Há um lugar, no subúrbio do Rio de Janeiro, conhecido como “Grande Mercadão de Madureira”, um aglomerado de lojas, gigantesco e variado complexo, para todo tipo de gosto e para todas as necessidades. Já são incontáveis as vezes em que ali entrei, mas uma delas foi especial e transformou-se num acontecimento que deu notícia, cujas trapalhadas e cenas hilárias tão cedo não vou esquecer.

- Que belo porquinho, papai! Compra ele pra mim!

- Impossível, querida. Peça qualquer outra coisa. Isto papai não pode levar para casa. Está engraçadinho agora, mas vai que ... nem te conto.

- Mas, o que pode ter de errado levar o porquinho para nossa casa?

- Meu amor! Este porquinho que está vendo ali vai virar um Porcão daqui poucos meses. Vai ser preciso muita comida e um local especial para criá-lo, entendeu?

- Nós temos um local, papai! Temos uma varanda enorme. Podemos fechar, fazer uma cerquinha e colocar ele lá.

- Minha fofa! Esse bicho fede, ele gosta de lama, sujeira; porque você acha que ele tem o nome de “porco”? Sabe quando a mamãe ralha com o Juninho: “Não deixa cair comida na mesa, seu porco!” é a esse bichinho aí que ela está se referindo.

- Mas, parece tão limpinho! Olha só a pele dele, tão lisinha e brilhante!
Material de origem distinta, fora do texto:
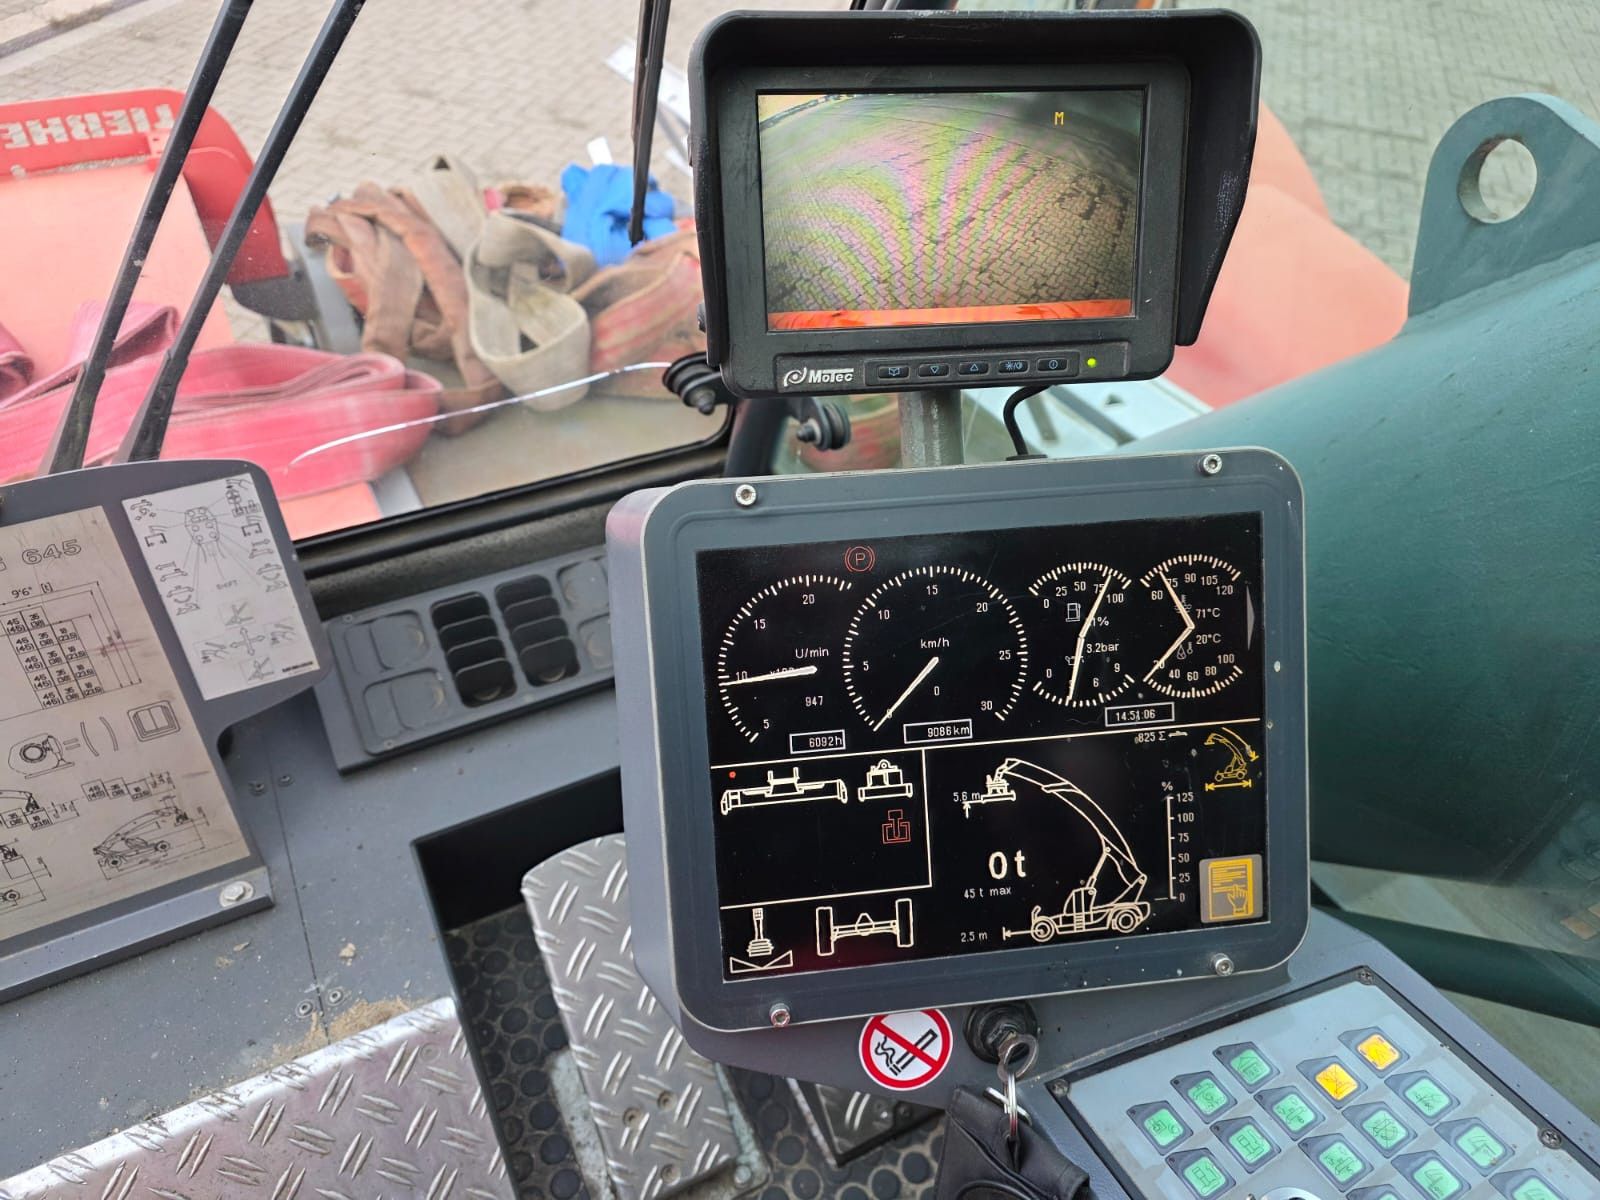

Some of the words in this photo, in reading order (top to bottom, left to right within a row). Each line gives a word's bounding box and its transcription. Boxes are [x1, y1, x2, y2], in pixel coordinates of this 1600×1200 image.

[1054, 111, 1065, 125] M
[21, 539, 82, 565] 645
[855, 553, 865, 565] P
[1184, 573, 1197, 583] 90
[1201, 575, 1218, 586] 105
[926, 585, 938, 595] 15
[1074, 581, 1087, 591] 50
[1216, 585, 1234, 595] 120
[1055, 586, 1068, 597] 25
[1151, 590, 1163, 600] 60
[802, 595, 815, 605] 20
[1106, 593, 1124, 604] 100
[976, 602, 988, 613] 20
[879, 610, 890, 620] 10
[753, 619, 766, 630] 15
[920, 638, 950, 649] km/h
[795, 647, 829, 659] U/min
[999, 650, 1011, 660] 25
[1217, 653, 1235, 665] 100
[736, 671, 748, 681] 10
[1168, 669, 1180, 679] 40
[1187, 671, 1199, 681] 60
[1205, 666, 1217, 676] 80
[805, 696, 824, 707] 947
[980, 700, 993, 711] 30
[1161, 781, 1173, 791] %
[1176, 792, 1194, 802] 125
[1177, 812, 1195, 823] 100
[1178, 833, 1190, 843] 75
[1178, 853, 1190, 863] 50
[988, 851, 1008, 880] 0
[1014, 850, 1027, 877] t
[1179, 873, 1191, 883] 25
[964, 888, 976, 899] 45
[989, 886, 1012, 897] max
[960, 931, 975, 943] 2.5
- Por enquanto, meu amor, por enquanto. Ouça, isto não é um bichinho de estimação feito aquela tartaruguinha que você tem lá em casa, ou mesmo os coelhinhos que a gente já teve, se lembra? Já sei, você deve estar comparando com os porquinhos da televisão, do Walt Disney, acertei?
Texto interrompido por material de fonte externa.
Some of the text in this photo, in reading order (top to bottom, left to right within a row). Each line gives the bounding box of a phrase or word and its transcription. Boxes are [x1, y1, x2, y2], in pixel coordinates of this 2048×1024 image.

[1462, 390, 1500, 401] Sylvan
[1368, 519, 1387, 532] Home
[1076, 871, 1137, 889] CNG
- E não é a mesma coisa? É tudo porquinho.

- Não, meu bem, não é a mesma coisa.

- Tive uma ideia. Não é preciso deixar ele na varanda. Temos um quintal grande, não é mesmo? Então colocamos ele no quintal.

- Sim, temos um quintal grande. Mas, você esquece que temos outras coisas por lá? E precisamos de espaço para o carro do papai, para a mamãe trabalhar e para você brincar, também.

- Não me importo! Eu posso deixar de brincar no quintal.

- Além do mais, você esqueceu; não temos espaço para construirmos uma casa para ele, nem para a esposa dele. Não se compra um animalzinho só de um sexo. Eles são como nós, não gostam de solidão.

- Que legal! Então vamos levar um casal?

- Vamos ... quer dizer ... não vamos. Já disse que não temos casinha para eles; nem temos como construir uma.

- Não precisamos construir uma casa.

- Como assim?

- O galinheiro! Não temos o galinheiro?

- No galinheiro já estão às galinhas e os ovos; você esqueceu? É por isso que se chama galinheiro.

- Vamos tirar tudo de lá.

- E o que faremos, onde vamos colocar?

- Em lugar nenhum; ou melhor, aqui - disse, mostrando a barriga - vamos comer todas as galinhas e todos os ovos.

Fiz o que pude para distrair Raquel daquela ideia maluca. Passeamos por muitas lojas, principalmente as de doces e de brinquedos; procurei distrai-la de todas as formas para ver se se esquecia do tal porquinho e, pensei mesmo que tinha conseguido, mas me enganei.

- E então? Espero que esteja feliz com o nosso passeio.

- Sim, está muito bom.

- Acho que já é hora de voltarmos para casa; podemos ir?

- Sim. Mas, não pense que me esqueci. Vamos comprar o meu casal de porquinhos, primeiro.

- Não tive escolha. Como não queria presenciar uma cena de rebeldia, fiz-lhe a vontade, mesmo sabendo que agia errado. Acho que com a mãe eu me entenderia; pelo menos eu pensava assim.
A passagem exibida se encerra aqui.